SSL Http "proxy"

Modbreak:

Reageer eens normaal

[ Voor 77% gewijzigd door Pim. op 25-04-2009 09:53 ]

Kan je wel software installeren?

Misschien is die policy wel om een reden gemaakt?

Je zou met OpenVPN en Squid een heel eind moeten komen en dan je client door de bedrijfsproxy laten connecten op poort 443. Je moet hier echter wel Administratorrechten voor hebben op de client.
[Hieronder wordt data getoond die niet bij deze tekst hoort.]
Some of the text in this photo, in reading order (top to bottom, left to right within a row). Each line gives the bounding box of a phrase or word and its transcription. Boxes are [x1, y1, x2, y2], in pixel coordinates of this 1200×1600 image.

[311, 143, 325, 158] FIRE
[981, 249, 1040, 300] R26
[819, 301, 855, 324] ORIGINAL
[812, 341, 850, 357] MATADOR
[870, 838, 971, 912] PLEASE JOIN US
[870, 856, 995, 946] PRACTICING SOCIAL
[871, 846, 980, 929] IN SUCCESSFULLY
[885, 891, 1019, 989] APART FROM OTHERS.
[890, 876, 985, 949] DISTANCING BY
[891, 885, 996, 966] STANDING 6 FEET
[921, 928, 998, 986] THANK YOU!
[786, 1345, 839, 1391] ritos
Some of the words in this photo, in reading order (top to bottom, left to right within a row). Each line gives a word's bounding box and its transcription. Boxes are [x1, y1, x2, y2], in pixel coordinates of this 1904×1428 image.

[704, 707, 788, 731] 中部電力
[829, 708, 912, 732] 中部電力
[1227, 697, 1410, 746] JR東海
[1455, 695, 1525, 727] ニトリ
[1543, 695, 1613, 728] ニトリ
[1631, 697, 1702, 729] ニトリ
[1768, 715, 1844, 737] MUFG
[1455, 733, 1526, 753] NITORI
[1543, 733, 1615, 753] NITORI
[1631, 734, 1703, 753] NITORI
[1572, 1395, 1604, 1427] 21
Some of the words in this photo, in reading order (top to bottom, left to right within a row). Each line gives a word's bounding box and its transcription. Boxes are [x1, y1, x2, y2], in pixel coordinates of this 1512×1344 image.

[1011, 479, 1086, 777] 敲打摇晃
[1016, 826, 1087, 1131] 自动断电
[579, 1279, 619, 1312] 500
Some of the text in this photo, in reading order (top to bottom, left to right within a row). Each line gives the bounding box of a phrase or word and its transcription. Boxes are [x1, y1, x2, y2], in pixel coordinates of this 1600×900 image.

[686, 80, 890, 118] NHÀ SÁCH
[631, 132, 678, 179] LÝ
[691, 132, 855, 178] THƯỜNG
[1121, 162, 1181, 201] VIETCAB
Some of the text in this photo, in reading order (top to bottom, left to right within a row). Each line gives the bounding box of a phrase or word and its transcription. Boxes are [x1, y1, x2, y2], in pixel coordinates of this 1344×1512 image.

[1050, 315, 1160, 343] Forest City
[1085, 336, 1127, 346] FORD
OMX2000 schreef op vrijdag 24 april 2009 @ 16:24:
Ik word dus helemaal gestoord van de policy van ons bedrijfs netwerk. Er zijn teveel sites afgeschermd. Nu wil ik thuis een Linux server gaan draaien, die als een proxy fungeert. En waar ik over via HTTPS (SSL) een verbinding mee maakt, en 1-op-1 mijn requests op het web doet, zodat ik wel overal heen kan browsen.

Heeft iemand dit al eens gedaan? En tips/advies hierover is ook welkom.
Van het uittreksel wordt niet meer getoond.